Natasha Romanoff lived in one one the nicest brownstones Bucky had ever seen. Just walking down the street she lived on made Bucky feel like a criminal. He was half certain that a cop was gonna come around the corner and ask him what the hell he thought he was doing in that neighborhood. 

Bucky shoved his hands in his pockets and stood on the stoop, preparing himself to wait in the chill autumn air. But Steve just pulled his keys out if his coat pocket and let himself in as though he owned the place. 

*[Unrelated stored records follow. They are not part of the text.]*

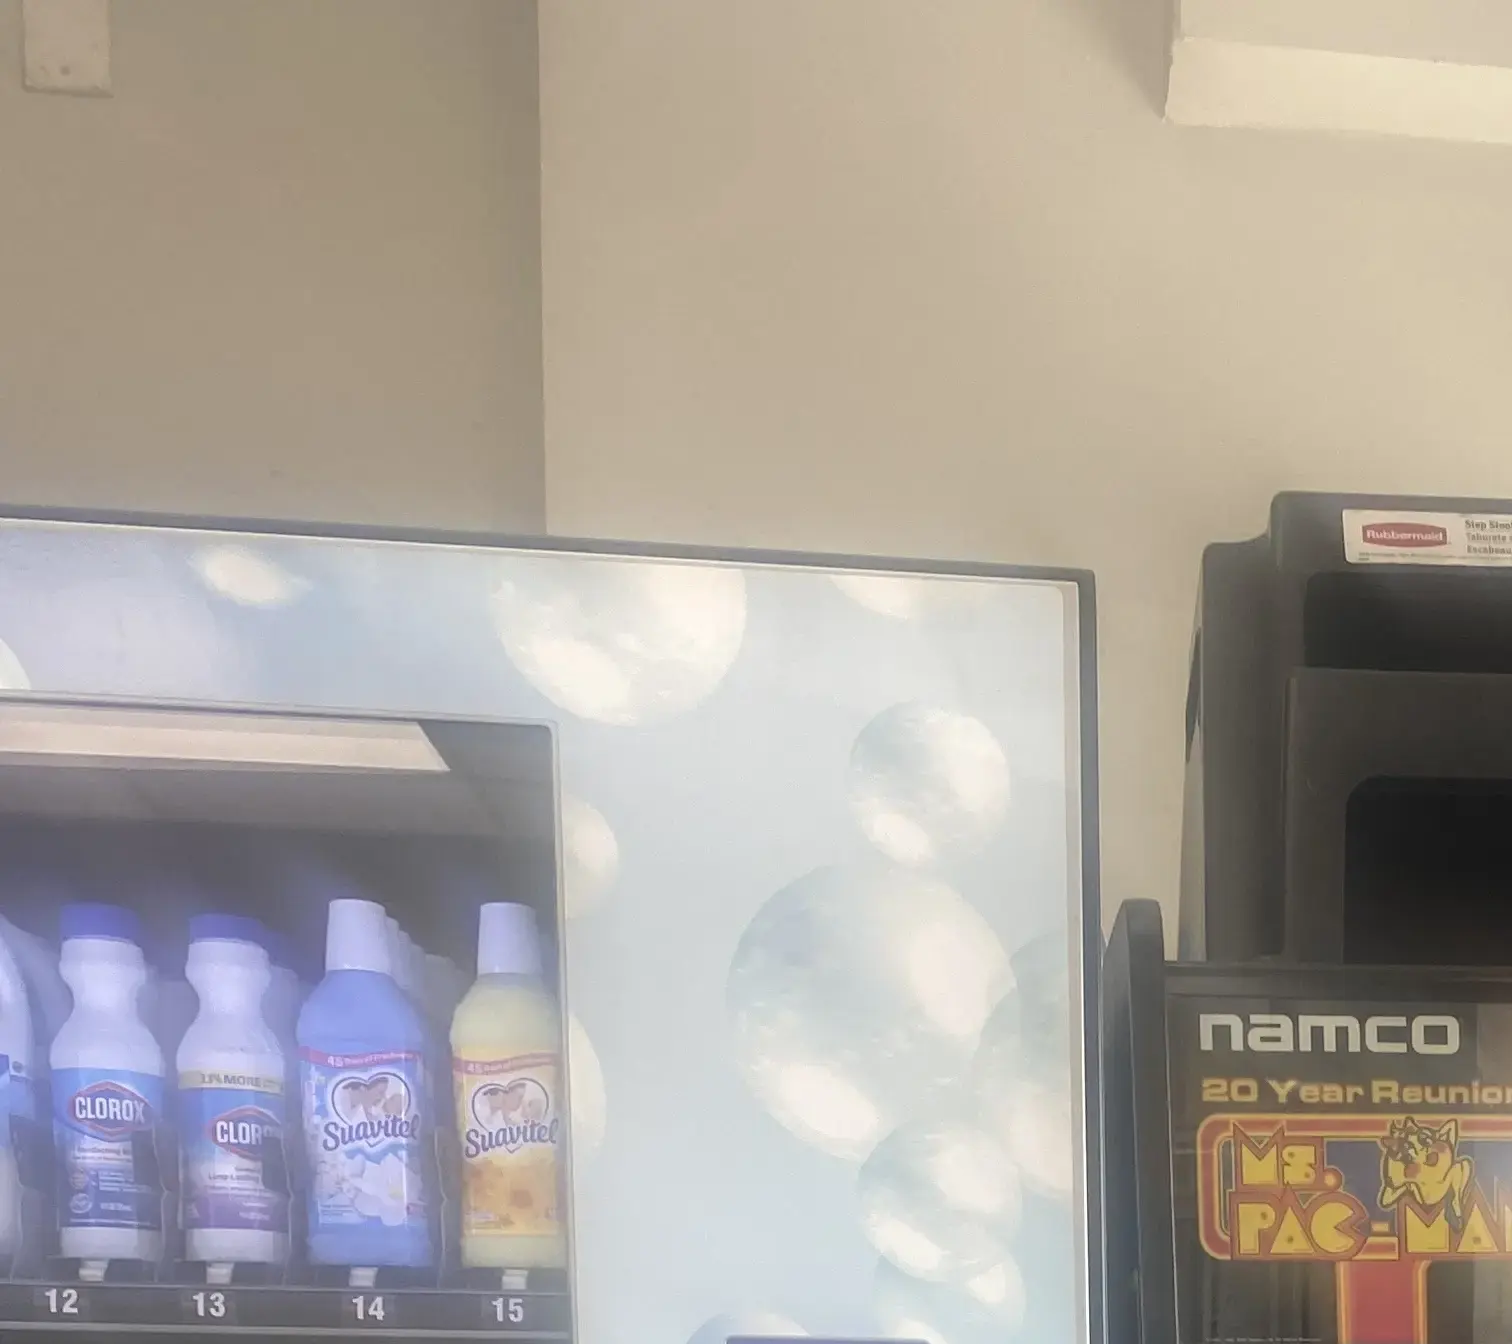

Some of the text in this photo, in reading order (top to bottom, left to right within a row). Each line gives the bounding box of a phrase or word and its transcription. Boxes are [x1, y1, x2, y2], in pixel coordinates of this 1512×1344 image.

[1366, 529, 1444, 542] Rubbermaid
[1464, 520, 1487, 531] Step
[1199, 1013, 1461, 1055] namco
[223, 1075, 262, 1088] MORE
[1201, 1077, 1258, 1103] 20
[1267, 1077, 1365, 1105] Year
[75, 1096, 145, 1122] CLOROX
[322, 1114, 420, 1151] Suavitel
[465, 1118, 559, 1159] Suavitel
[45, 1289, 79, 1315] 12
[193, 1293, 226, 1318] 13
[353, 1297, 385, 1321] 14
[491, 1298, 524, 1323] 15

The hallway was nicer than Bucky’s entire home. There was a soft pink paint that complemented the warm, rich wooden floor and offset the gilt mirror on the wall across from the spindly little table that was just large enough for a vase of fresh flowers- lilies and forget-me-nots Bucky thought.

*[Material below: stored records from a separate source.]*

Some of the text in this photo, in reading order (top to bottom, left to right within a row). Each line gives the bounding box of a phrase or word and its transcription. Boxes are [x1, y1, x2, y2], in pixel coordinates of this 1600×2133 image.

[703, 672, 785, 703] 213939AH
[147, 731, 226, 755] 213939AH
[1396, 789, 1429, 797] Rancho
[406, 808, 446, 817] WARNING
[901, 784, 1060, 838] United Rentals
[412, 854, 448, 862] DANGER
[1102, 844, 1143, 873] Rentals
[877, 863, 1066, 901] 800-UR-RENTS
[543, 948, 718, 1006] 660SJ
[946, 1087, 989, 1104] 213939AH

“Natasha,” Steve called as he hung up his jacket on the elegant coat rack (what was Bucky’s life that he was thinking of a fucking coat rack as elegant?). “I brought a friend over. I really want you to meet him.” Bucky scoffed and Steve glared at him from the corner of his eye. Friends, sure.

Bucky kept his jacket on and followed Steve into the kitchen. The place was beautiful like a picture out of one of those homemaking magazines his mother loved.

“Tasha come on, don’t be cross with me,” Steve called, taking a glass out from a cupboard and a half full bottle of Russian Vodka from the refrigerator, pouring a generous amount.

Bucky breathed out harshly through his nose, gritting his teeth. The nerve of this mook, walking in like he owned the place, taking this poor woman’s booze. 

“Steve, you know how I feel about guests. Unannounced. In my home.” Bucky whipped his head around to the door. In the second he’d been glaring at Steve the most beautiful woman he’d ever seen had managed to slip soundlessly into the room. She was wearing a form-fitting black dress with a red bow. A soft white fur was thrown over her shoulders, as though Steve had been just about to step out when Steve had come calling.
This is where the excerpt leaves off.